§ What to produce
Exclude the images and repeat all remaining entries exactly.

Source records
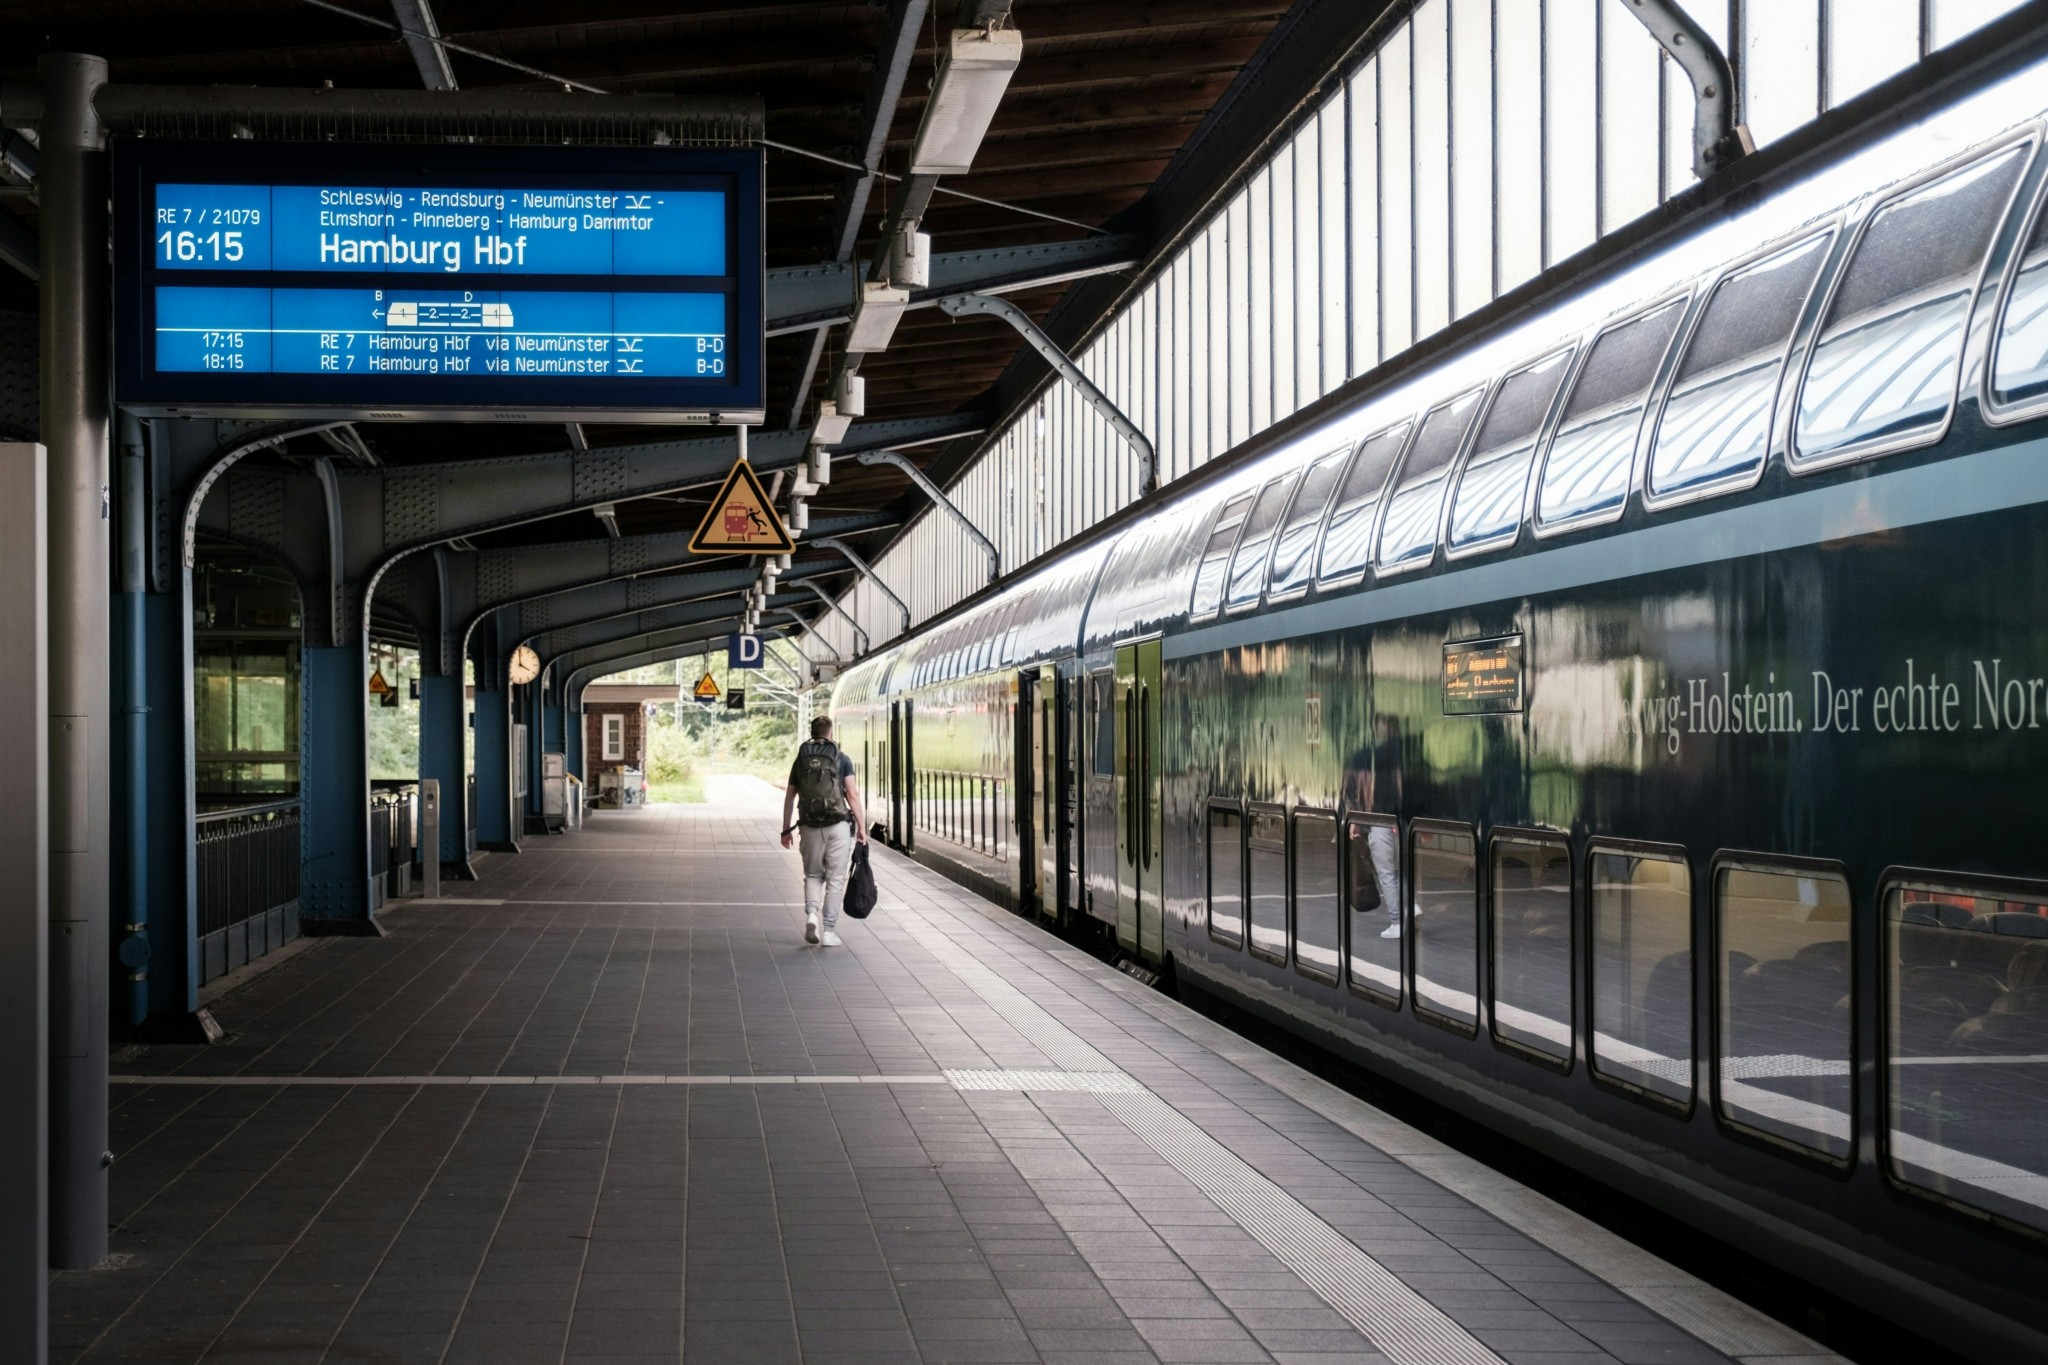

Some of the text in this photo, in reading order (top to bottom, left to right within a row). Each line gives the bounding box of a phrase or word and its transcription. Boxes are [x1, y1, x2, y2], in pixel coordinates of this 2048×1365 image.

[320, 190, 403, 209] Schleswig
[422, 192, 505, 210] Rendsburg
[523, 193, 618, 209] Neumünster
[157, 208, 260, 225] RE 7 / 21079
[320, 211, 395, 227] Elmshorn
[413, 212, 490, 231] Pinneberg
[509, 213, 577, 232] Hamburg
[583, 214, 653, 230] Dammtor
[157, 230, 243, 261] 16:15
[320, 233, 527, 272] Hamburg Hbf
[375, 290, 383, 301] B
[464, 291, 473, 302] D
[202, 333, 724, 353] 17:15 RE 7 Hamburg Hbf via Neumünster B-D
[202, 354, 724, 374] 18:15 RE 7 Hamburg Hbf via Neumünster B-D
[739, 635, 760, 662] D
[1812, 671, 1863, 733] Der
[1873, 658, 1960, 732] echte
[1973, 659, 2048, 731] Nor
[1306, 700, 1320, 741] DB
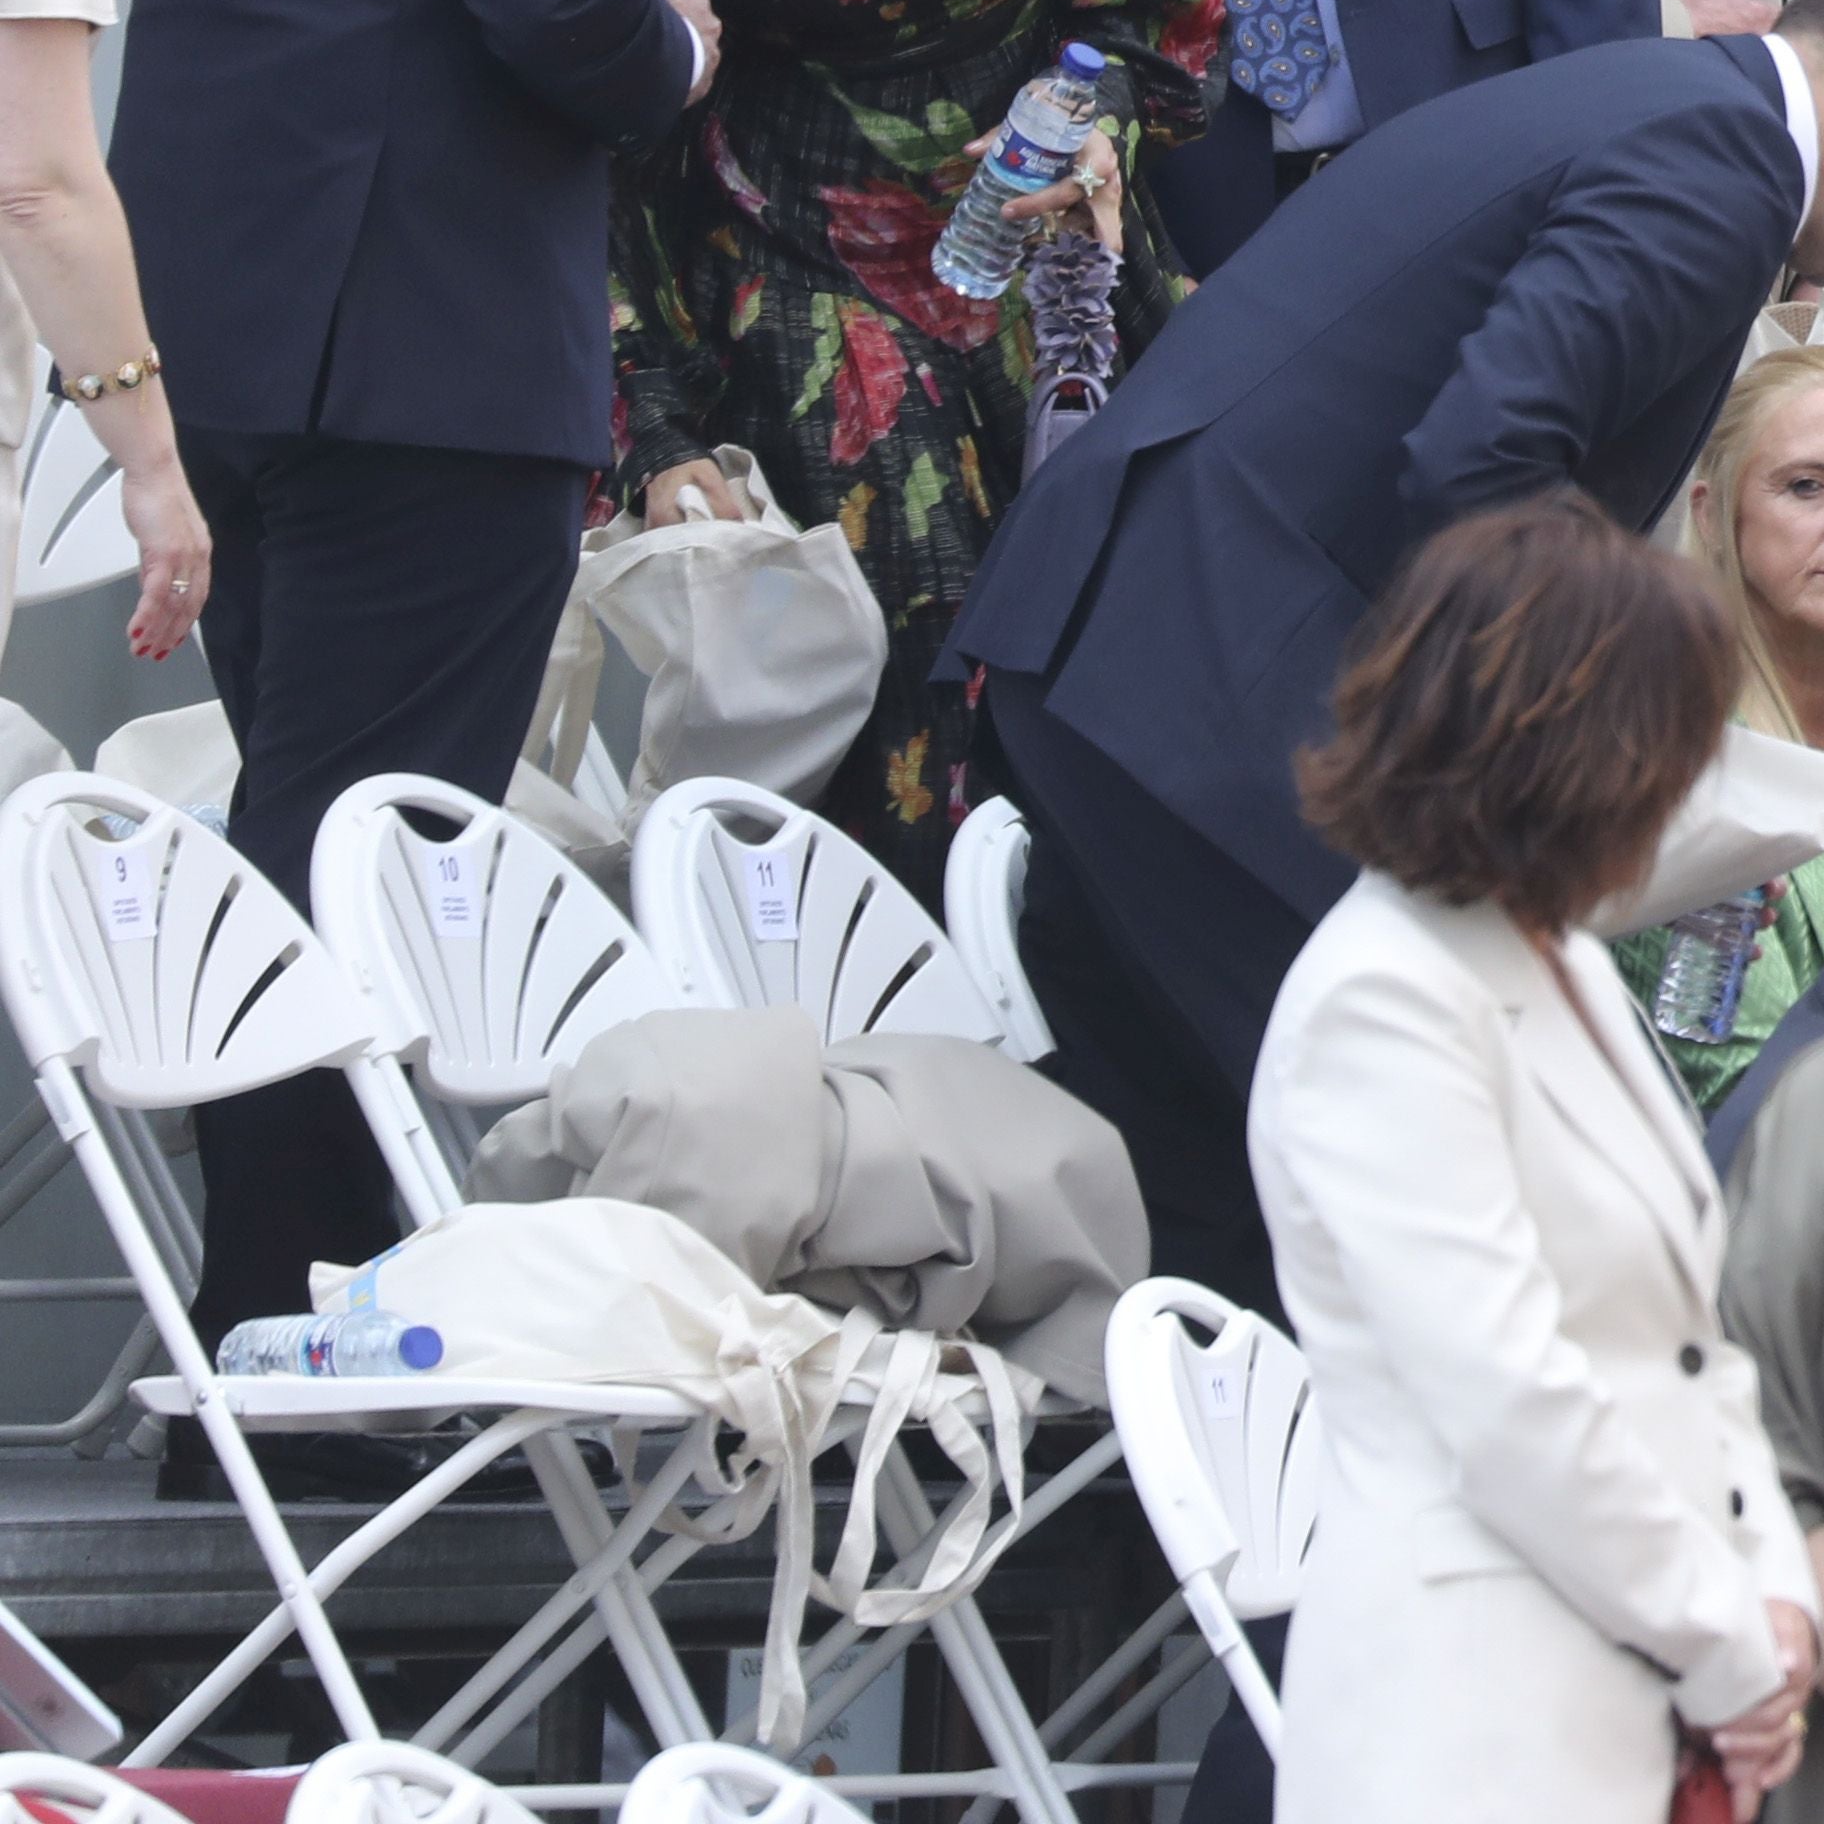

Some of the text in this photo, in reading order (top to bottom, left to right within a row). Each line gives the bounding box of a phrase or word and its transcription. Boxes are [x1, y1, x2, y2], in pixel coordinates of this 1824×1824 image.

[115, 856, 127, 882] 9
[438, 856, 459, 882] 10
[756, 861, 775, 887] 11
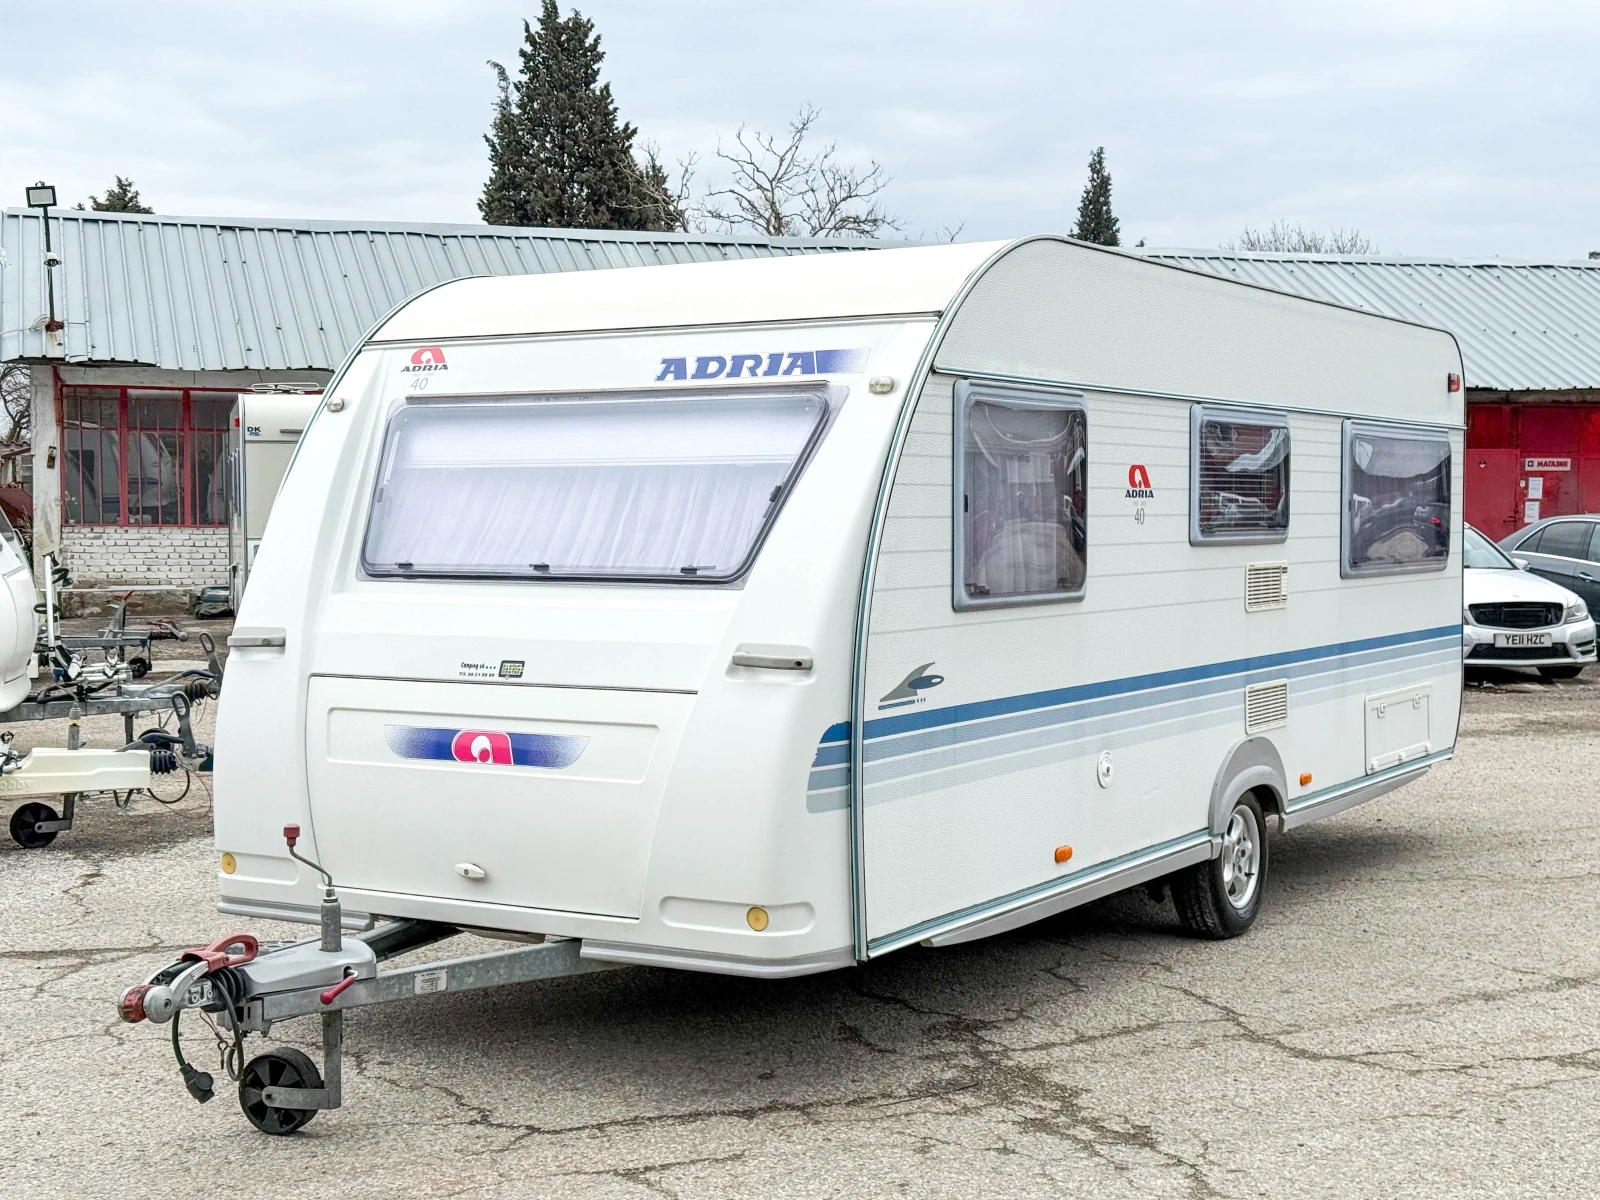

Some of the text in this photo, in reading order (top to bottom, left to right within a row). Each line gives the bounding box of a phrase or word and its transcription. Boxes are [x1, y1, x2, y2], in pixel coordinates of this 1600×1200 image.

[401, 364, 448, 372] ADRIA
[655, 351, 816, 381] ADRIA
[410, 377, 429, 390] 40
[1537, 460, 1568, 468] МАГАЗИН
[1125, 490, 1154, 498] ADRIA
[1134, 507, 1145, 525] 40
[1505, 634, 1545, 645] YE11 HZC

§ Task result
Some of the text in this photo, in reading order (top to bottom, left to right within a row). Each line gives the bounding box of a phrase or word and its transcription. Boxes are [x1, y1, x2, y2], in pixel coordinates of this 2048×1365 image.

[320, 190, 403, 209] Schleswig
[422, 192, 505, 210] Rendsburg
[523, 193, 618, 209] Neumünster
[157, 208, 260, 225] RE 7 / 21079
[320, 211, 395, 227] Elmshorn
[413, 212, 490, 231] Pinneberg
[509, 213, 577, 232] Hamburg
[583, 214, 653, 230] Dammtor
[157, 230, 243, 261] 16:15
[320, 233, 527, 272] Hamburg Hbf
[375, 290, 383, 301] B
[464, 291, 473, 302] D
[202, 333, 724, 353] 17:15 RE 7 Hamburg Hbf via Neumünster B-D
[202, 354, 724, 374] 18:15 RE 7 Hamburg Hbf via Neumünster B-D
[739, 635, 760, 662] D
[1812, 671, 1863, 733] Der
[1873, 658, 1960, 732] echte
[1973, 659, 2048, 731] Nor
[1306, 700, 1320, 741] DB

Some of the text in this photo, in reading order (top to bottom, left to right within a row). Each line gives the bounding box of a phrase or word and its transcription. Boxes are [x1, y1, x2, y2], in pixel coordinates of this 1824×1824 image.

[115, 856, 127, 882] 9
[438, 856, 459, 882] 10
[756, 861, 775, 887] 11

Some of the text in this photo, in reading order (top to bottom, left to right within a row). Each line gives the bounding box of a phrase or word and its transcription. Boxes are [x1, y1, x2, y2], in pixel coordinates of this 1600×1200 image.

[401, 364, 448, 372] ADRIA
[655, 351, 816, 381] ADRIA
[410, 377, 429, 390] 40
[1537, 460, 1568, 468] МАГАЗИН
[1125, 490, 1154, 498] ADRIA
[1134, 507, 1145, 525] 40
[1505, 634, 1545, 645] YE11 HZC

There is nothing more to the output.